Let $\mathcal{B}=\{B_1, B_2,\ldots\}$ a countable basis for $X$ and let $A=\{(U,V)\in \mathcal{B}\times \mathcal{B}\mid Cl(U)\subset V\}$. Then $A$ is countable. Let $(U,V)\in A$ arbitrary. $Cl(U)$ and $X\setminus V$ sare closed in $X$ and $Cl(U)\cap X\setminus V=\emptyset$, by Urysohn's Lemma, there exists $f_{(U,V)}:X\to [0,1]$ continuous such that $$f(Cl(U))\subset \{0\} \text{ and}$$ $$f(X\setminus V)\subset \{1\}.$$ We ennumerate the elements of $A$ and take for each $n\in \mathbb{N}$ $f_n:X\to [0,1]$ defines as before. Let $F:X\to Q$ defined as follows: $$F(x)=(f_1(x), f_2(x), \ldots).$$ Then $F$ is continuous. It remains to see that $F$ is injective.

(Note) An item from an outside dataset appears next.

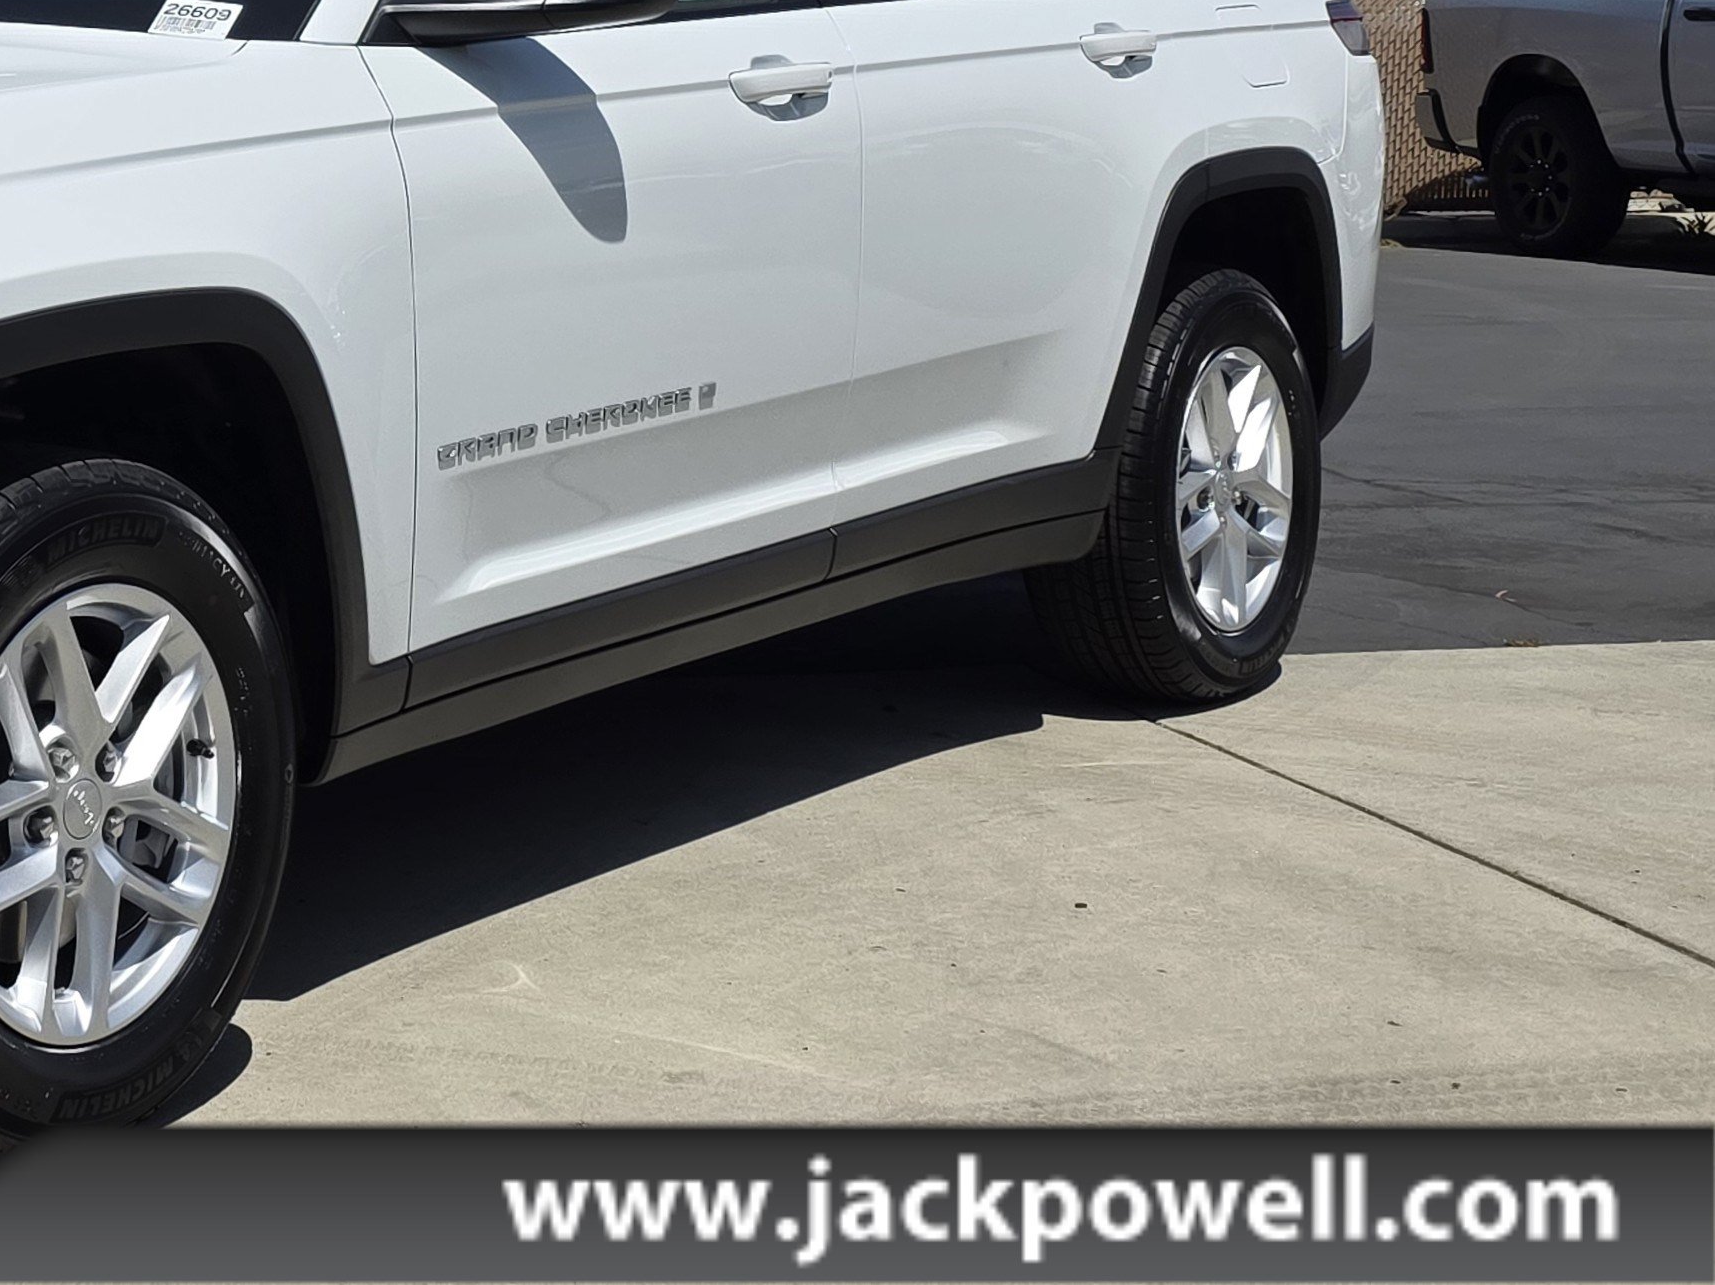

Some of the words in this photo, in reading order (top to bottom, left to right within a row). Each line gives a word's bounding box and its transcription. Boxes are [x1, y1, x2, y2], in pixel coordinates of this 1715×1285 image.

[163, 3, 232, 21] 26609
[437, 423, 538, 471] GRAND
[545, 387, 692, 444] CHEROKEE

Let $a,b\in X$ $a\neq b$. Because $X$ is metric, $\{a\}$ y $\{b\}$ are closed, there exists $M$ and $N$ open such that $$\{a\}\subset M\subset Cl(M)\subset X\setminus \{b\}, \text{ and}$$ $$\{b\}\subset N\subset Cl(N)\subset X\setminus \{a\}.$$ So we can find basic sets $B_i$ and $B_j$ such that $$\{a\}\subset B_i\subset M\subset Cl(M)\subset X\setminus \{b\}, \text{ y}$$ $$\{b\}\subset B_j \subset N\subset Cl(N)\subset X\setminus \{a\}.$$

I can't seem to conclude from this that $F$ is injective.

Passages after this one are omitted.